In der vergangenen Woche erfolgte nun das ernüchternde Urteil. Die Richter folgten der Argumentation der Kooperationspartner und erklärten deren Vorgehen für rechtens: Das Informationsfreiheitsgesetz gelte in diesem Fall nicht, da es sich um Forschung handele. Die Universität und der Bayer-Konzern begrüßten das Urteil. Das Bündnis der Kritiker will jedoch nicht nachgeben. »Wir sammeln jetzt Spendengelder und gehen in Berufung vor das Oberverwaltungsgericht in Münster. Dort rechnen wir uns gute Chancen aus«, sagt Mimkes. Sollten sich »Geheimverträge« durchsetzen, sieht er die Forschungsfreiheit bedroht.

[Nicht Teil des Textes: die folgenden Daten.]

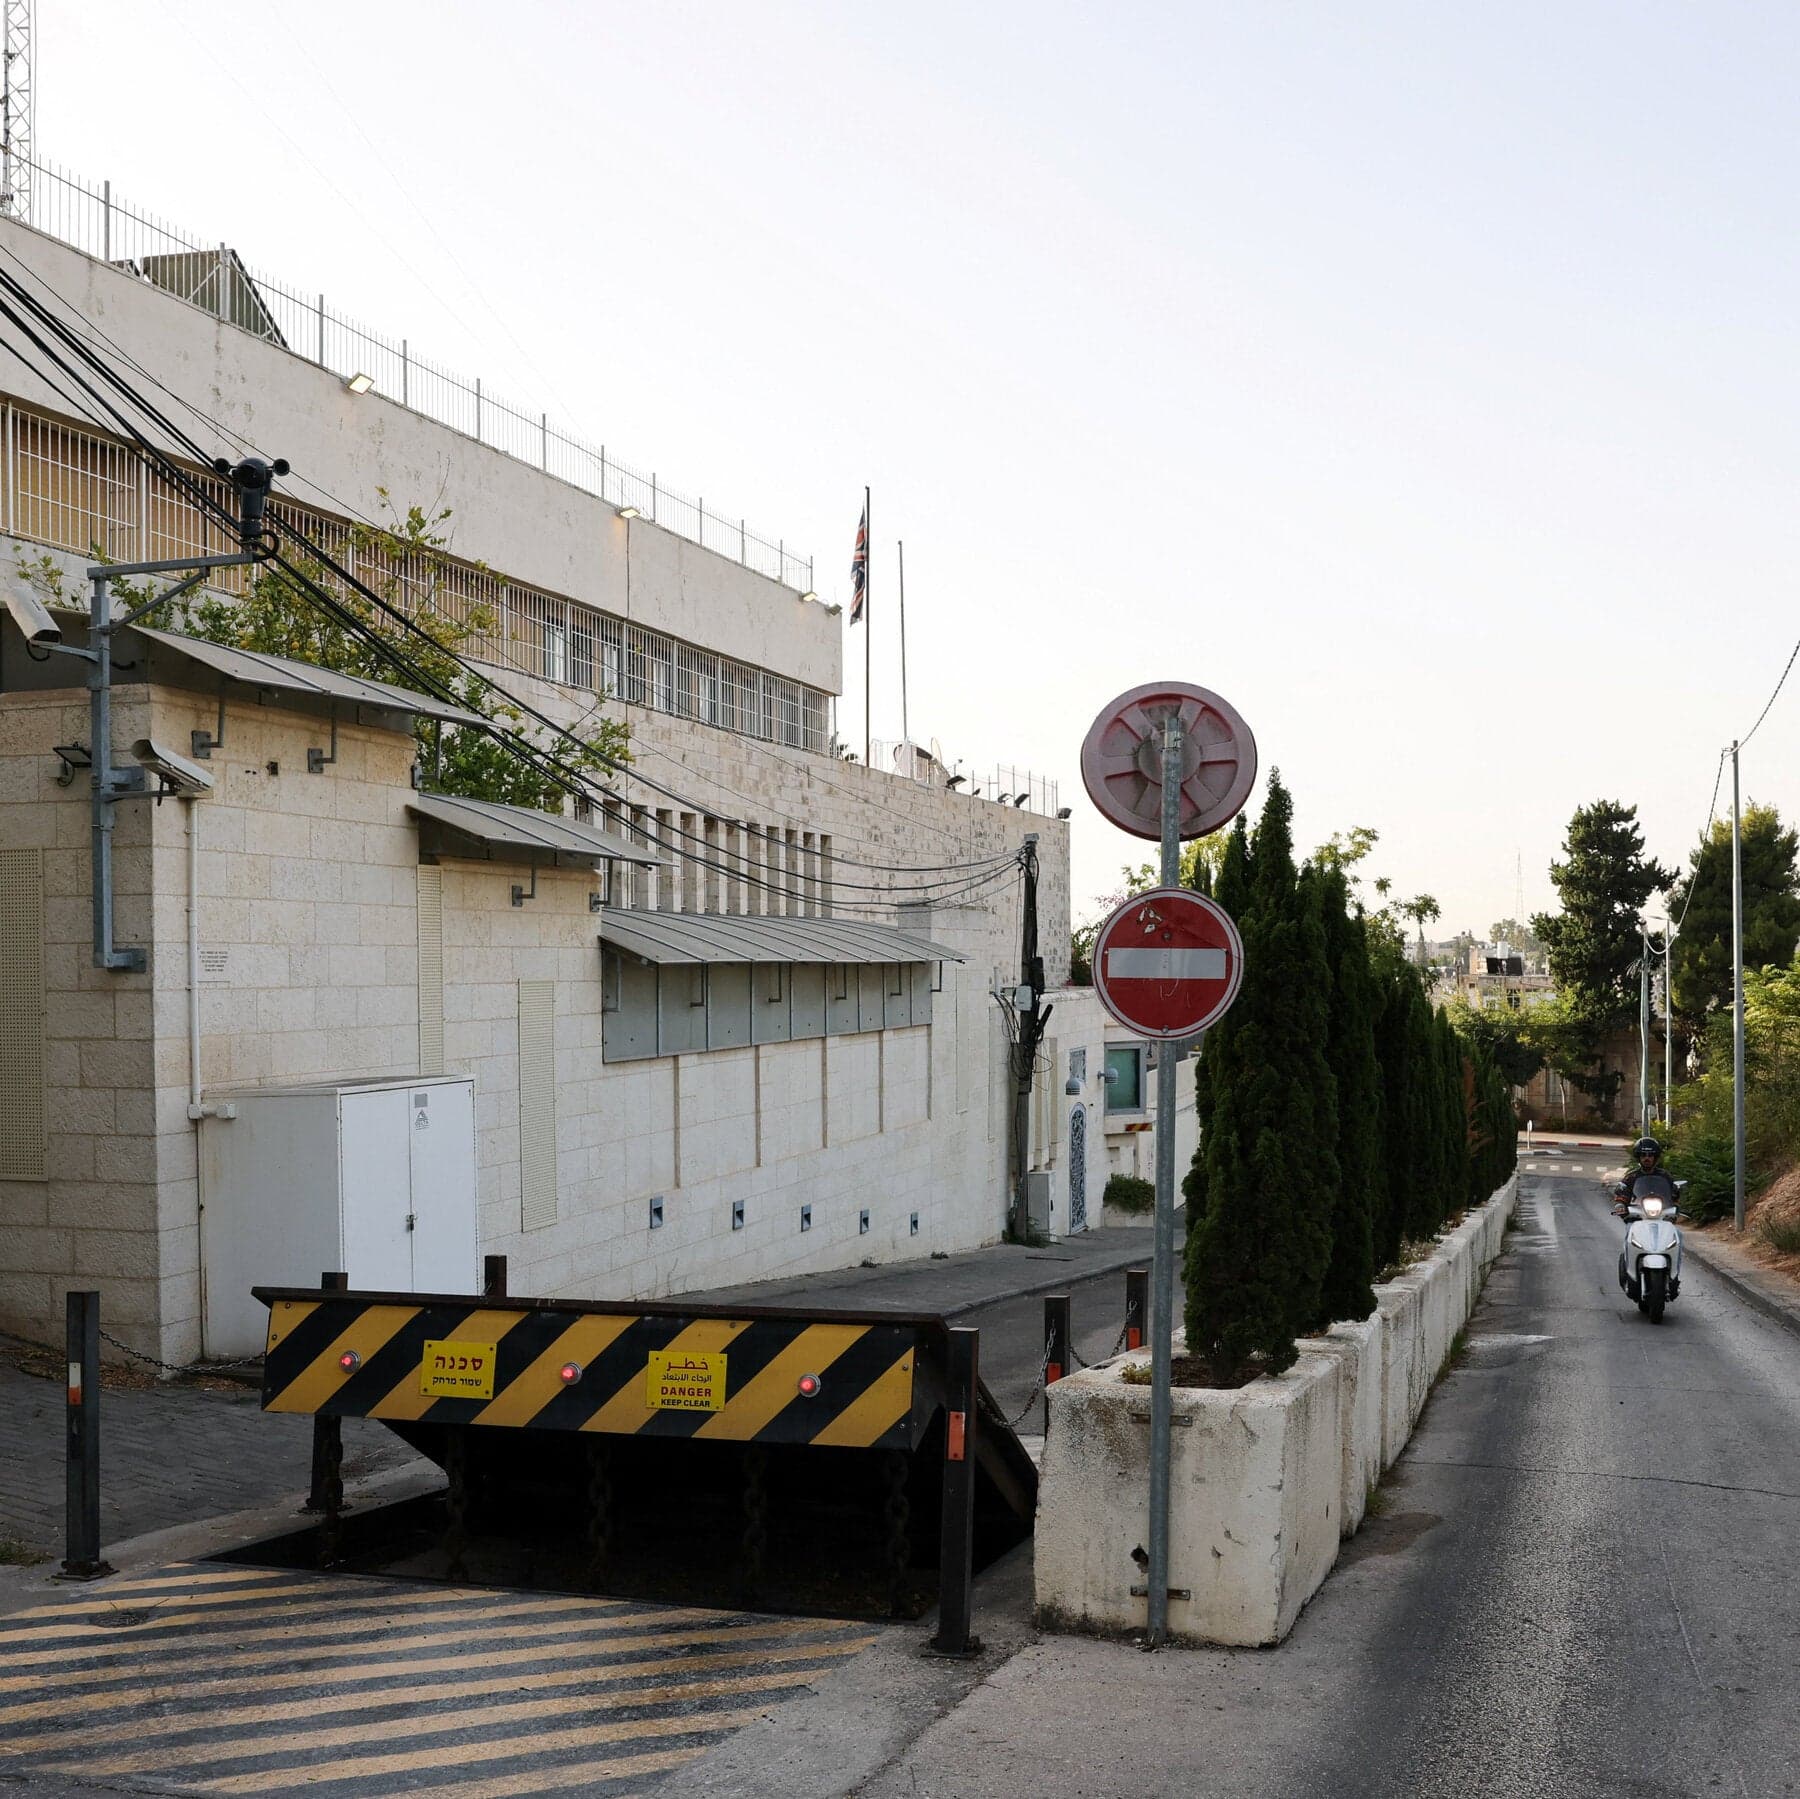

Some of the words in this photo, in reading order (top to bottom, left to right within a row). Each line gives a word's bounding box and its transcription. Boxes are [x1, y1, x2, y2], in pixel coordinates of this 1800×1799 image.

Er erinnert daran, dass in Berlin solche »Kooperationen« bereits gescheitert sind. Die Deutsche Bank wollte hier die Technische und die Humboldt-Universität unterstützen, jedoch vor Veröffentlichungen als Zensor auftreten. Die Hochschulen zogen sich daraufhin aus dem Vorhaben zurück.

Für die Universität Köln ist die Aufregung nicht ganz nachvollziehbar. »Es hat immer schon Kooperationen gegeben, und diese sind auch elementar wichtig für den Austausch von Know-How«, so Honecker. Insgesamt gehe es nur um einen kleinen Prozentsatz im Haushalt der Universität. Rund 4,5 Prozent kommen von privaten Geldgebern – die sogenannten Drittmittel. Den Rest des Haushalts stellt die öffentliche Hand. »Wir müssen den Realitäten aber ins Auge blicken. Die Schuldenbremse kommt, und insofern wird der Bereich der Drittmittel noch wichtiger als bisher«, so Honecker.

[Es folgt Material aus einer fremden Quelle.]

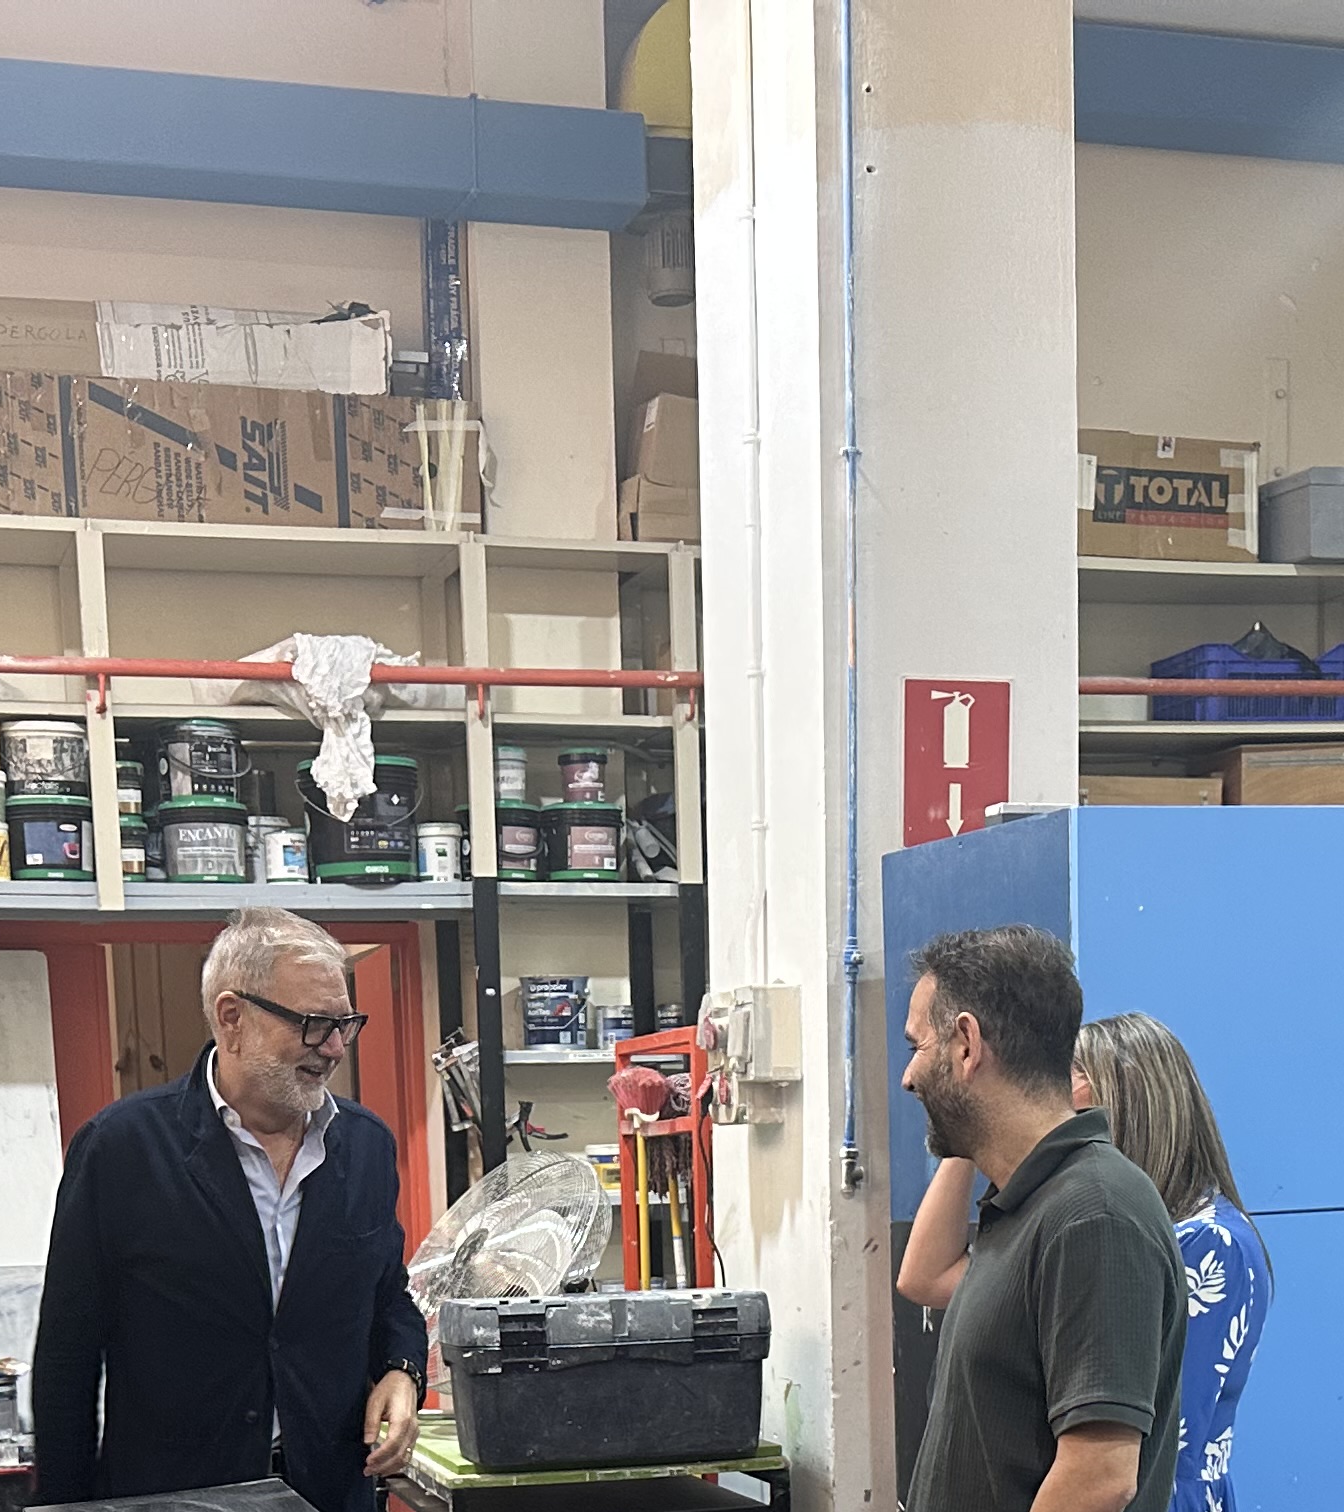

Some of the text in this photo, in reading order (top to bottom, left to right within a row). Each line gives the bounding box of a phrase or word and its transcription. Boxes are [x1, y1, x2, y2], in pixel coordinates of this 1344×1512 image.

[240, 416, 269, 512] SAIT
[1129, 476, 1226, 508] TOTAL
[178, 827, 237, 842] ENCANTO

Den Eindruck, dass man es mit »Geheimverträgen« zu tun hat, wird auch das Oberverwaltungsgericht Münster wohl nicht tilgen können. Es bleibt auch unverständlich, warum die »Kooperationspartner« Öffentlichkeit vermeiden wollen. Gerade weil es so wirkt, als habe man etwas zu verbergen, eröffnet sich Raum für Spekulationen. Will das Großkapital doch den Überbau bestimmen? Zumindest eine teilweise Offenlegung des Vertrages – zum Beispiel derjenigen Passagen, die nur die äußeren Details der Kooperation betreffen – würde hier wahrscheinlich Abhilfe schaffen. Forschungsgeheimnisse wird er ja kaum enthalten – als Patent wurde er jedenfalls noch nicht angemeldet.